To put some numbers against this, approximately 20% of S&P 500 board members, estimated at 1,140 directors in total, have already reached or will reach the ISS recommended retirement age of 72 within the next 2 years, according to data provided by S&P’s Capital IQ. Additionally, another estimated 1,280 board members, or 23% of the total S&P 500 Board members, are currently aged 65-69. And according to data provided separately by ISS Governance Analytics, 36.2% of S&P 500 Board members, or 1,977 directors in total, already exceed the ISS tenure limit of nine years. ISS believes the director is considered to be entrenched after nine years of serving on the Board, which penalizes the company’s governance score*.

[Chart]

So in other words, executive recruiters will be extremely busy trying to find director candidates to replace this impending run-off and that thread the needle in meeting this ever-growing list of requirements. More than half (53%) of new independent directors are active senior executives and professionals. This compares with 47% of new directors in 20146. Finding active CEO’s to serve on boards is becoming a challenge, particularly given how serving on numerous boards is an infraction in the eyes of ISS. Making up for the decline in available active CEOs is a rise in the number of active corporate executives a level or two down from the CEO. Other corporate executives — including active division and subsidiary presidents and line and functional leaders — make up 14% of new independent directors, compared with 9% in 2014. Recruiting financially savvy directors is also on the rise with new active directors with financial backgrounds representing 12% of new independent directors in 2015, an increase from 9% last year.

Even activists are becoming stretched when it comes to filling board seats. Carl Icahn was criticized by large shareholders of Freeport McMoran for putting two of his junior employees on the board. With so many dollars to put to work, there are only so many boards on which activists can sit. Activists are therefore searching the same dwindling pool for external candidates.

What’s the Outlook?

Predicting what happens to a $163 billion dollar strategy is no easy task. To say that activism is going away any time soon would be naive. There’s just too much money committed to it across an extremely wide range of investors. Not only are nimble, wealthy individuals invested in the space, but so are slower moving, highly structured pension and sovereign funds.

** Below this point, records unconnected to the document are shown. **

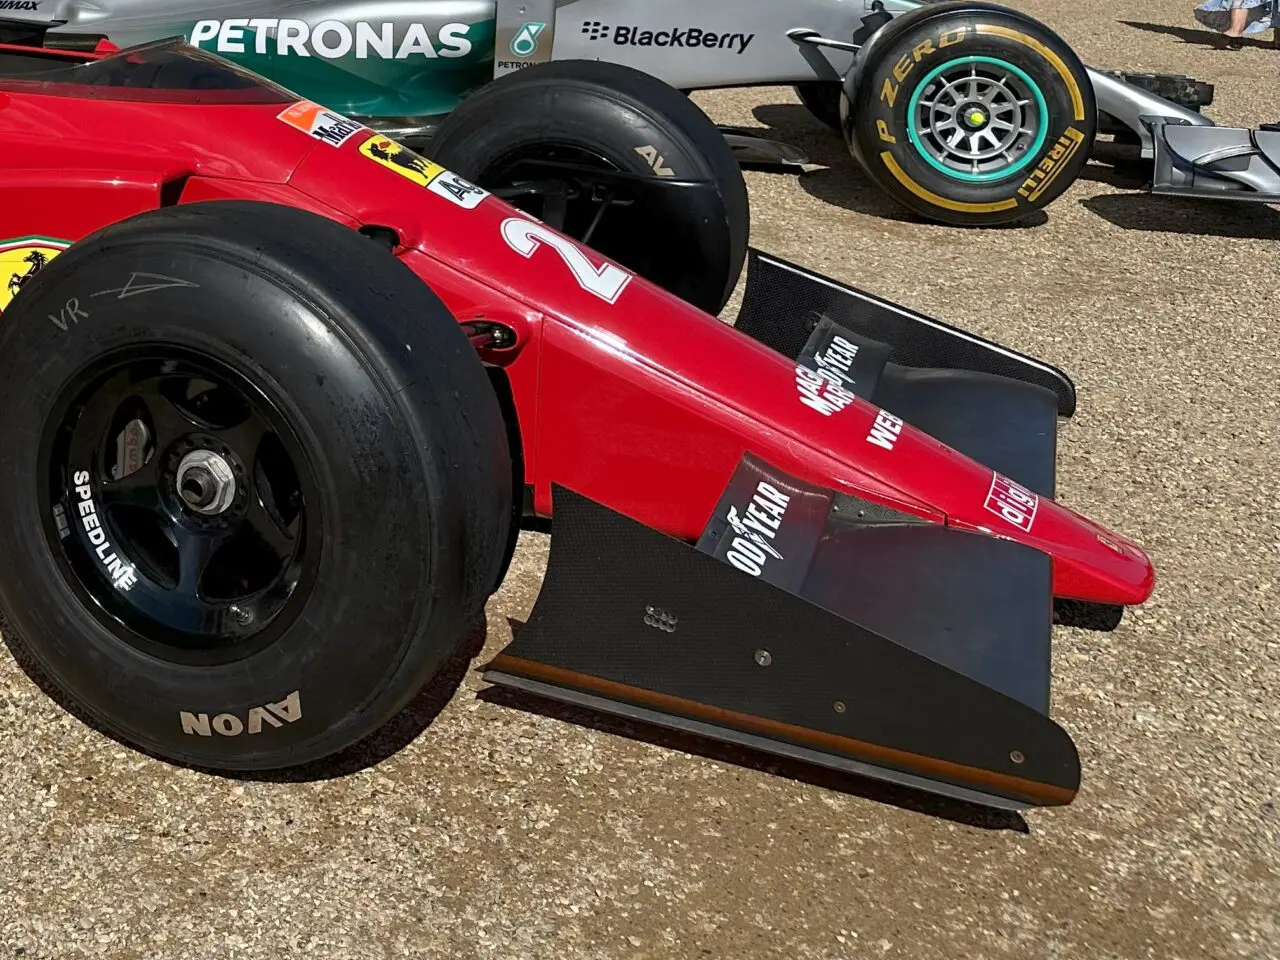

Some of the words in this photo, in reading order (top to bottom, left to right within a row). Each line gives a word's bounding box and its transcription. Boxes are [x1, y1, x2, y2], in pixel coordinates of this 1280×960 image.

[190, 17, 472, 60] PETRONAS
[613, 26, 755, 55] BlackBerry
[880, 25, 967, 108] ZERO
[48, 297, 89, 331] VR
[73, 470, 138, 591] SPEEDLINE
[180, 689, 302, 737] AVON
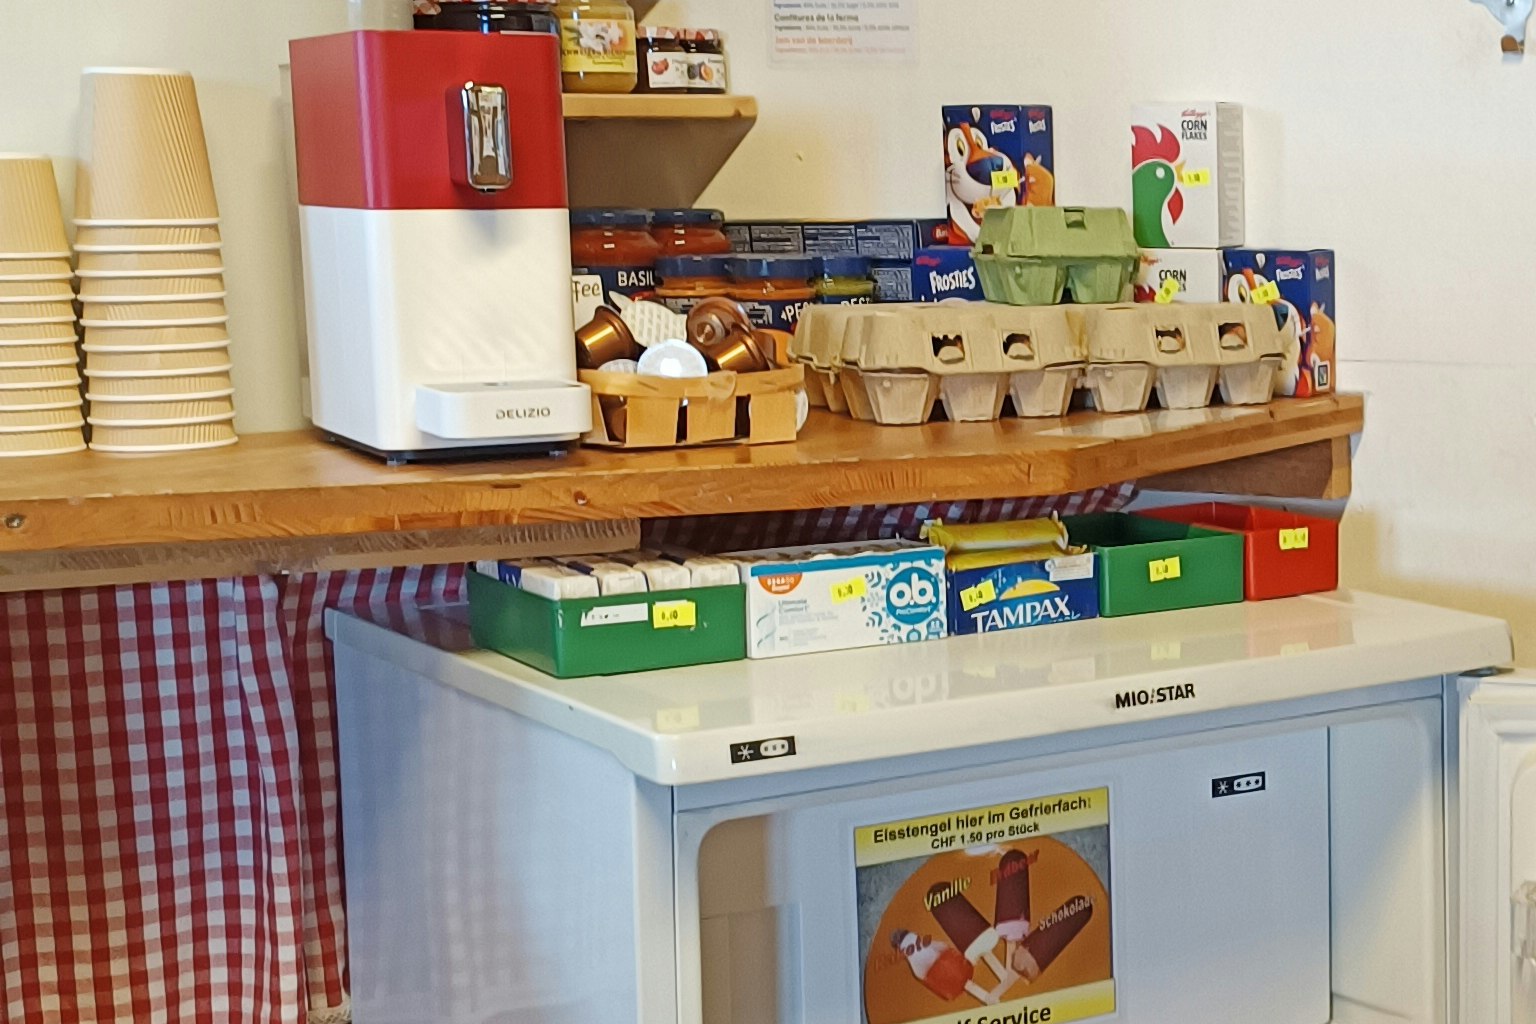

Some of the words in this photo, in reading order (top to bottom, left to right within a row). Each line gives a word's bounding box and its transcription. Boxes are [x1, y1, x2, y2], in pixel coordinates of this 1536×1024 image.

[1181, 119, 1208, 131] CORN
[929, 267, 976, 295] FROSTIES
[1159, 269, 1187, 281] CORN
[495, 407, 551, 420] DELIZIO
[890, 572, 937, 607] o.b.
[970, 594, 1071, 633] TAMPAX
[873, 815, 951, 844] Eisstengel
[956, 813, 983, 831] hier
[988, 811, 1005, 825] im
[930, 834, 957, 850] CHF
[960, 831, 983, 846] 1.50
[986, 829, 1005, 843] pro
[1008, 822, 1040, 837] Stück
[923, 874, 972, 911] Vanille
[1039, 896, 1095, 931] Schokolade
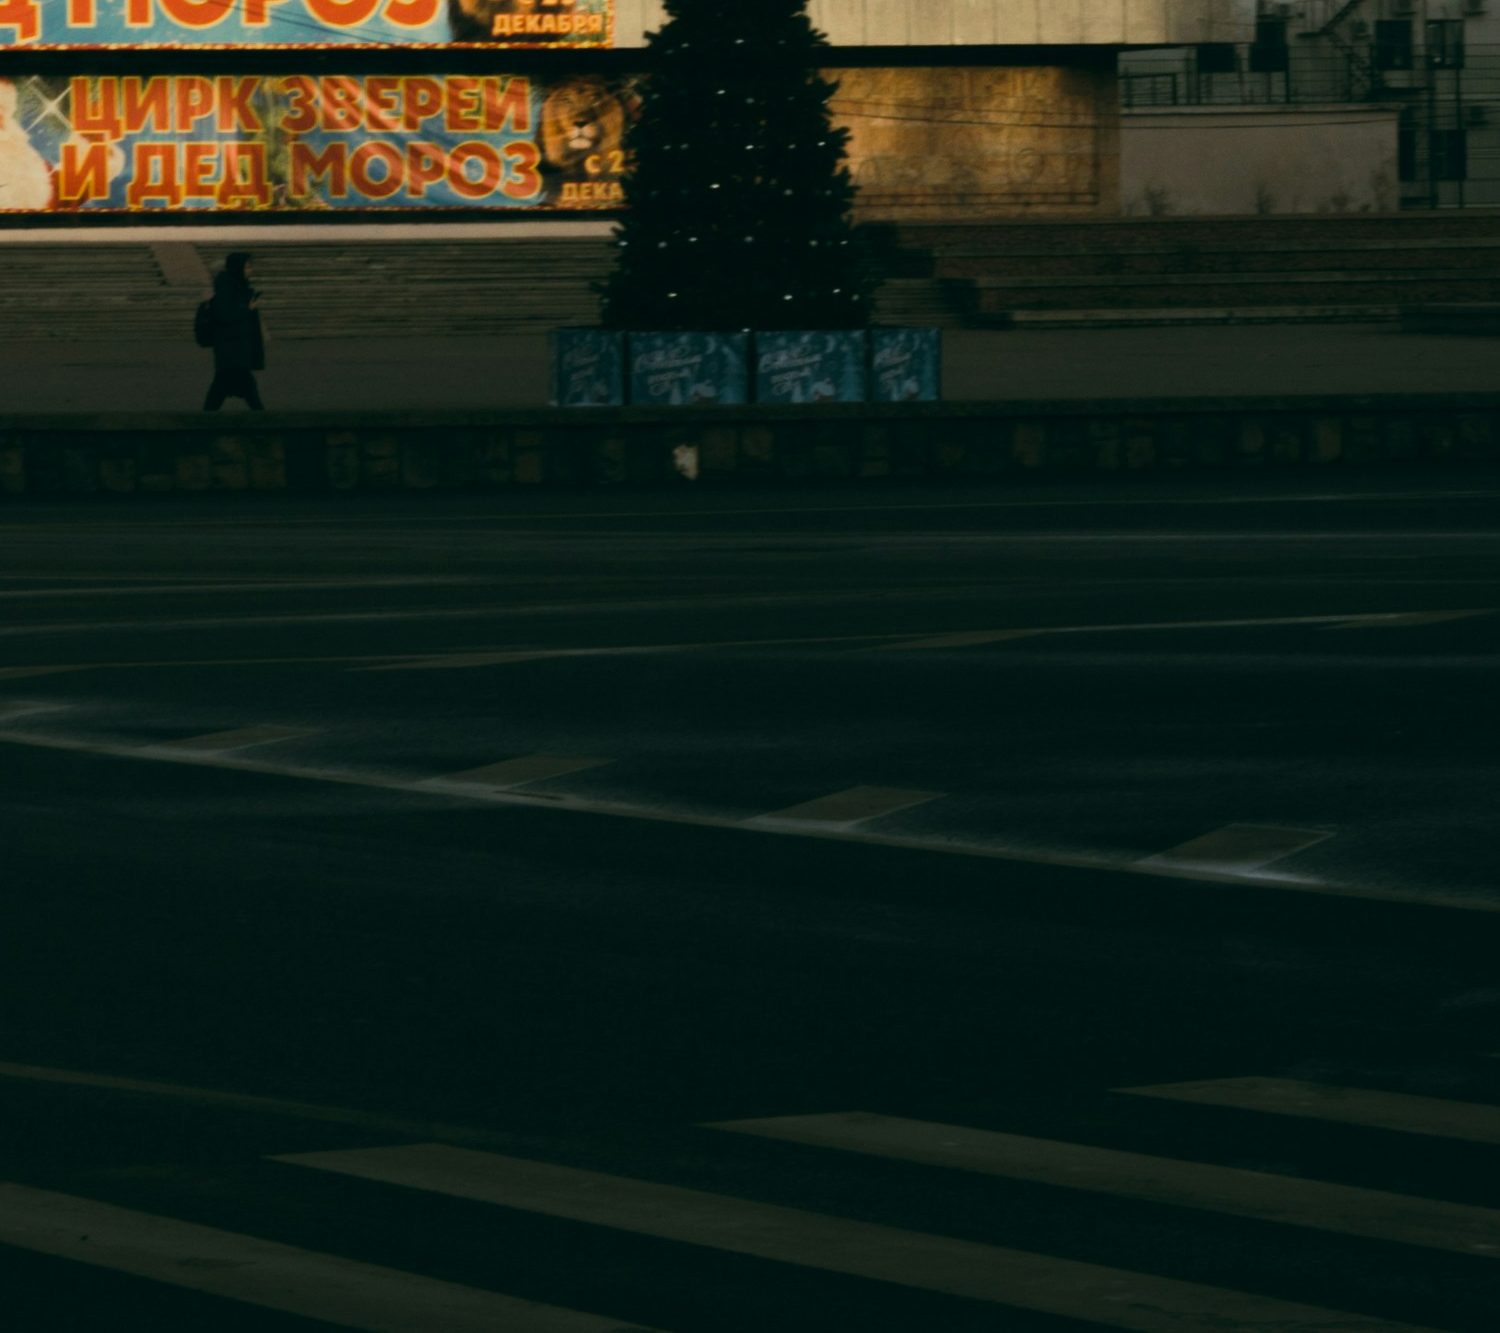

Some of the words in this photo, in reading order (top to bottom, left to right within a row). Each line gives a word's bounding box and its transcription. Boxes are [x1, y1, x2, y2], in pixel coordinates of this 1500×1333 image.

[491, 13, 604, 37] ДЕКАБРЯ
[69, 74, 262, 141] ЦИРК
[59, 142, 112, 201] И
[126, 141, 270, 208] ДЕД
[287, 140, 545, 200] МОРОЗ

In a no yield environment, it is almost a requirement of these funds to park at least a small percentage of their assets in strategies that might in fact generate a market-beating return. And when you add up these small percentages, it comes to a big number.

But what is happening is that the alpha to be generated from activism is getting squeezed. It is getting squeezed by everyone: institutional investors, management teams, and board members. They have picked up on the imperfection that activists exploit and they are taking measures that take the “need” for activists off the table. If management teams and directors are actively engaging with institutional investors and vice versa, what value does an activist add? If a company has a solid long term strategy, a clearly defined capital allocation plan, and is continually optimizing its board composition, while at the same time communicating these things to its investors and the market, what is an activist other than just another shareholder? As this new paradigm proliferates more broadly, there will be little to distinguish an activist from any other hedge fund, and that would be a bad thing for activists.

That being said, the periods following the past two cycle downturns have generated anomalies that opened the door to activism. These anomalies occurred regardless of the governance measures undertaken by corporations and regardless of the regulations put in place by governing bodies. It is like any pendulum: the more it swings in one direction, the more it comes back in the opposite direction. Activism works the same way. The key though is to figure out where their alpha will come from when the pendulum starts its return.

The views and opinions in these articles are solely of the authors and do not necessarily reflect those of Teneo. They are offered to stimulate thought and discussion and not as legal, financial, accounting, tax or other professional advice or counsel.